Bowser then turned the microphone to the members of her team seated at the table with her to describe the budget process. At the table with the mayor were the director of the Office of Budget and Performance Management, Jenny Reid, and the city administrator, Kevin Donahue.

“I always love these,” Donahue said about the event. “You get to sort of operate and think, we get to share some of the choices and trade-offs that we have to think of in responses and feedback we get every year.”

Donahue broke down the mayor’s budget process. First, the administration spends the first few months determining what it’s going to cost the city next year to do what it’s doing this year. Then the Bowser administration looks at the demand for a particular city service or issue. What makes D.C. unique from other cities and states, come budget time, is that the administration not only has to balance the budget for the year, but it has to show how it will maintain a balanced budget for the next four years.

The presentations then turned to the different deputy mayors to describe their clusters and what priorities they are looking to advance in the next year. First to present was the deputy mayor for health and human services, as well as the director of the Department of Health Care Finance, Wayne Turnage. Turnage shared some of his thoughts about Medicaid in the city and the need to modernize the city’s shelter system.

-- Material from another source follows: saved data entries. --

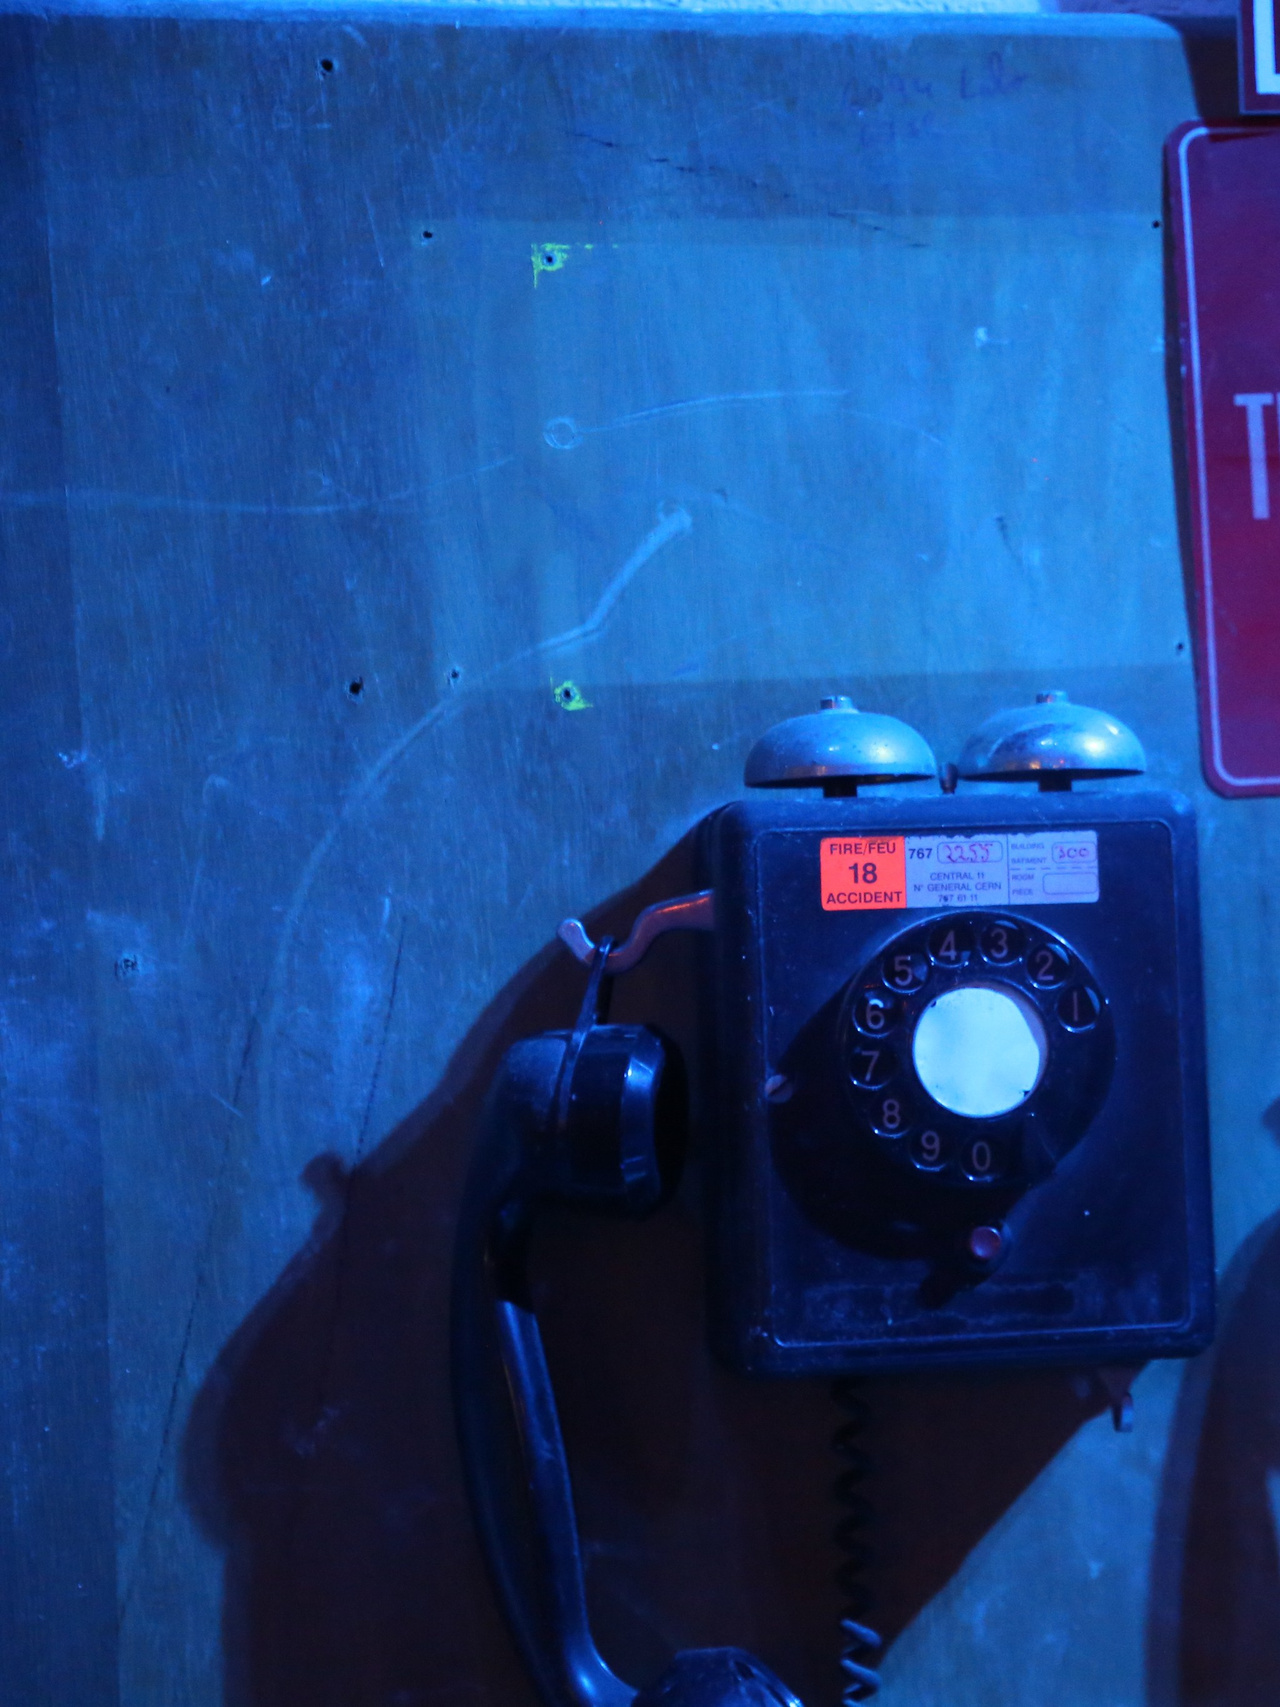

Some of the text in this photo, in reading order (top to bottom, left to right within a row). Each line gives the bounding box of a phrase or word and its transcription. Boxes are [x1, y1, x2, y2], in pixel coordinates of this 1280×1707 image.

[829, 841, 897, 856] FIRE/FEU
[908, 847, 933, 860] 767
[848, 862, 878, 884] 18
[930, 871, 974, 881] CENTRAL
[927, 882, 972, 893] GENERAL
[975, 881, 1002, 891] CERN
[826, 891, 902, 905] ACCIDENT
[861, 928, 1079, 1171] 1 2 3 4 5 6 7 8 9 0
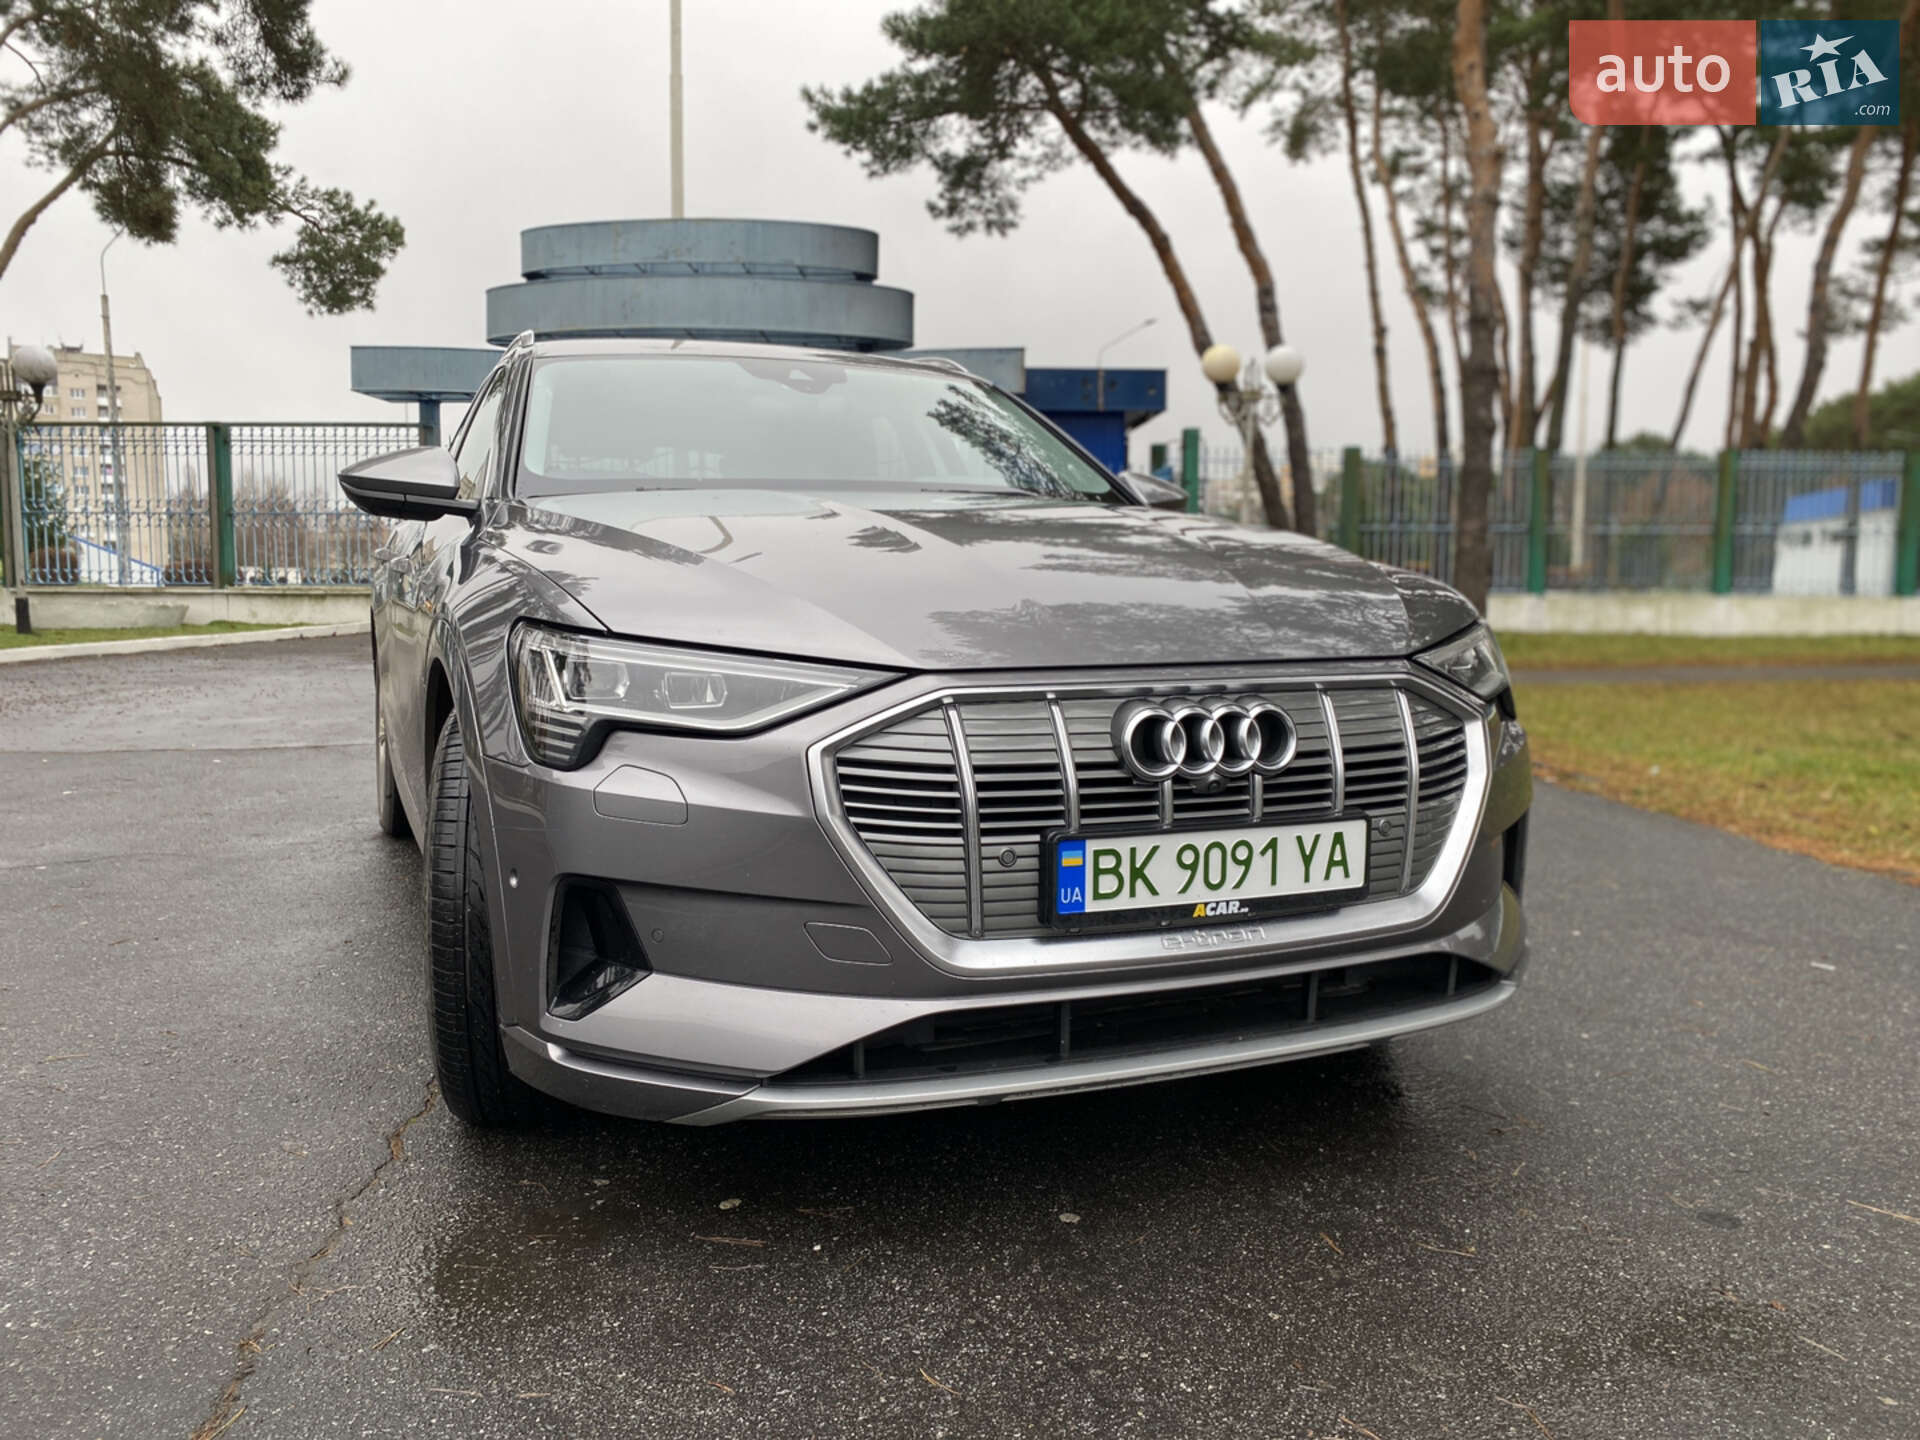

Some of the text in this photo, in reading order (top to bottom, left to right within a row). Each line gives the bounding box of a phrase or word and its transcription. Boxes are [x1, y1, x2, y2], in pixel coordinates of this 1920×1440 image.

[1092, 831, 1351, 901] BK 9091 YA
[1060, 887, 1083, 905] UA
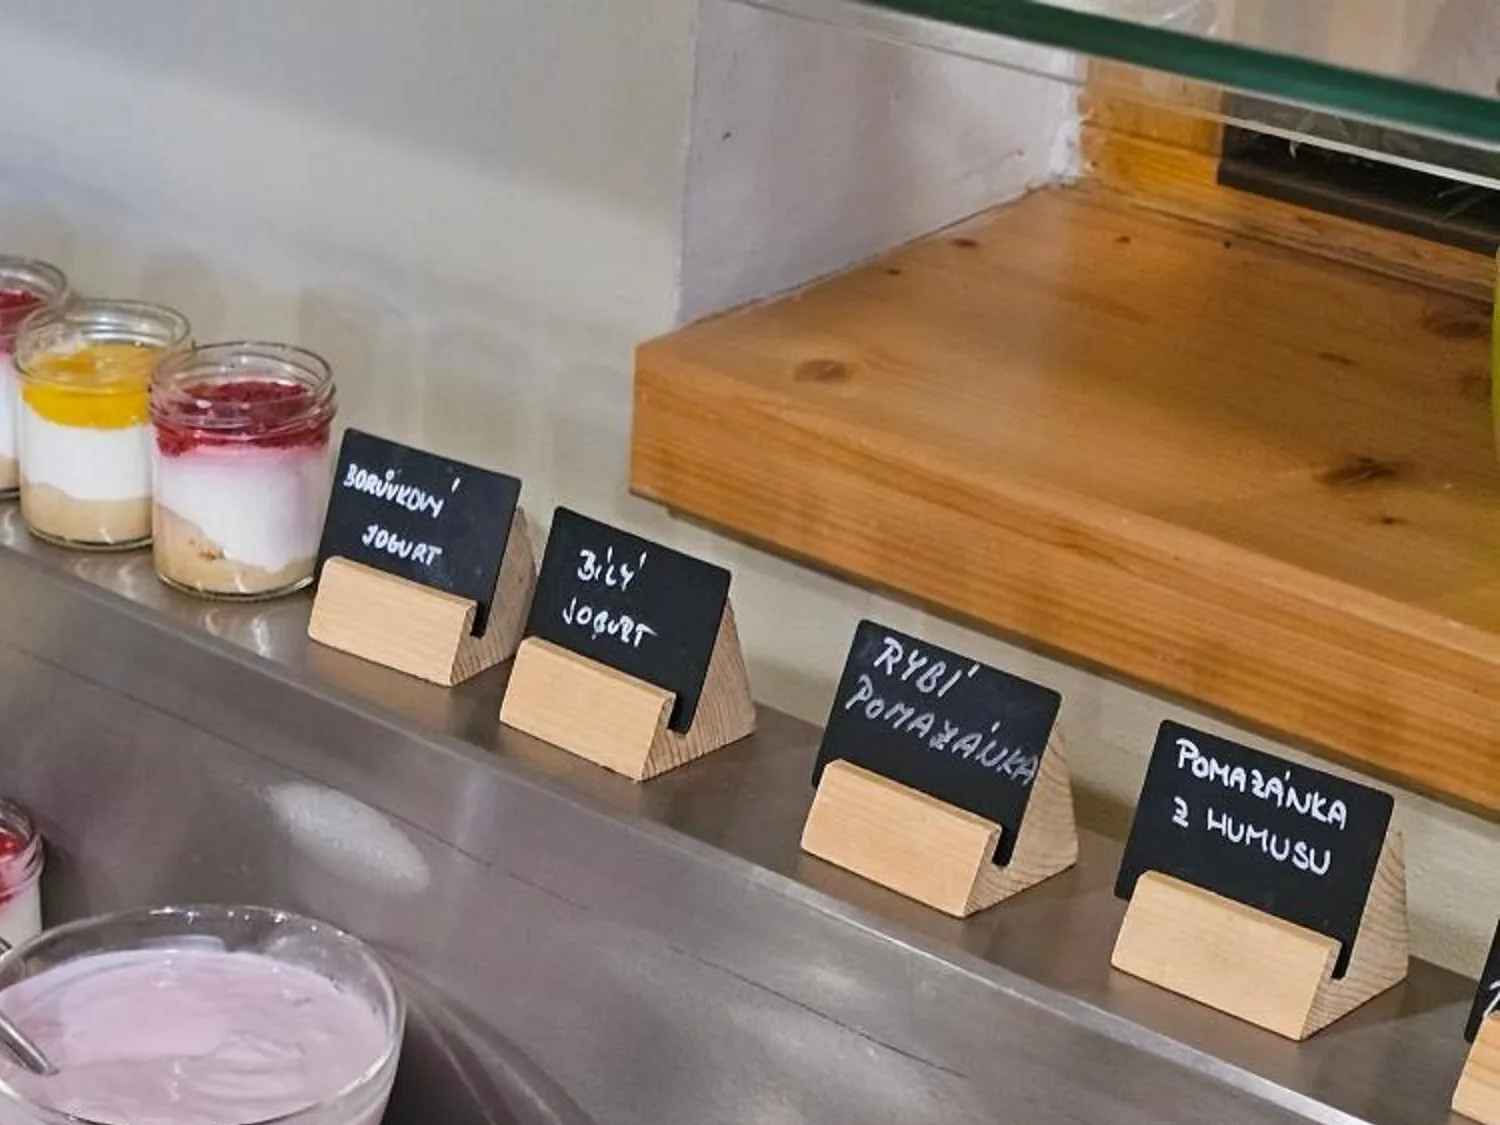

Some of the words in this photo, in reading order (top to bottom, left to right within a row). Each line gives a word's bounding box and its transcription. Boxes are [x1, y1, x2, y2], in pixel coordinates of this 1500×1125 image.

[361, 523, 443, 566] JOGURT
[577, 545, 647, 592] BÍLÝ
[562, 596, 658, 647] JOGURT
[873, 636, 980, 697] RYBÍ
[1176, 738, 1347, 830] POMAZÁNKA
[1207, 807, 1331, 875] HUMUSU
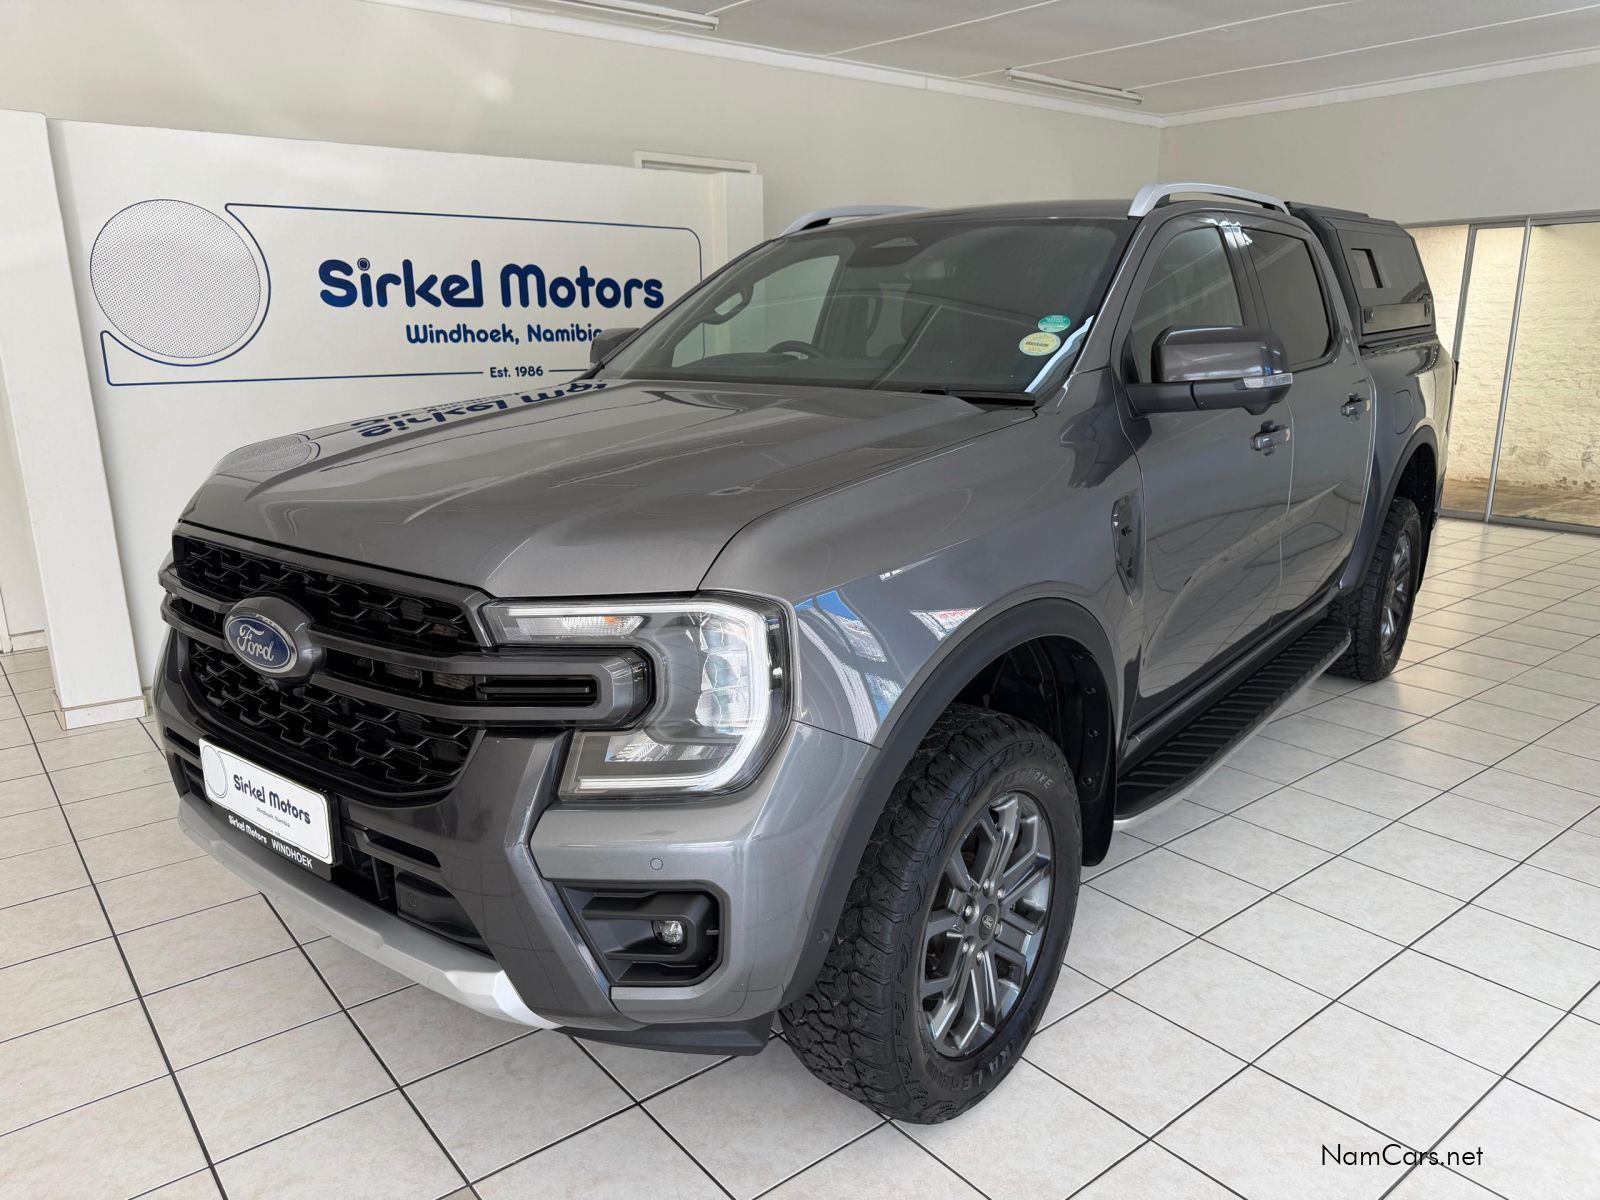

D.C. provides Medicaid benefits beyond what the federal government allows, and the city pays for that with local money, according to Turnage.

“I tell people all the time, every four out of 10 people that you touch will be on Medicaid,” Turnage said. “We spend over a billion dollars on Medicaid services.”

In terms of shelters and supporting those experiencing homelessness, Turnage said he would guess, “If you looked at our dollars per capita across any jurisdiction in the country, there’s no jurisdiction that invests as much into homeless services as D.C.”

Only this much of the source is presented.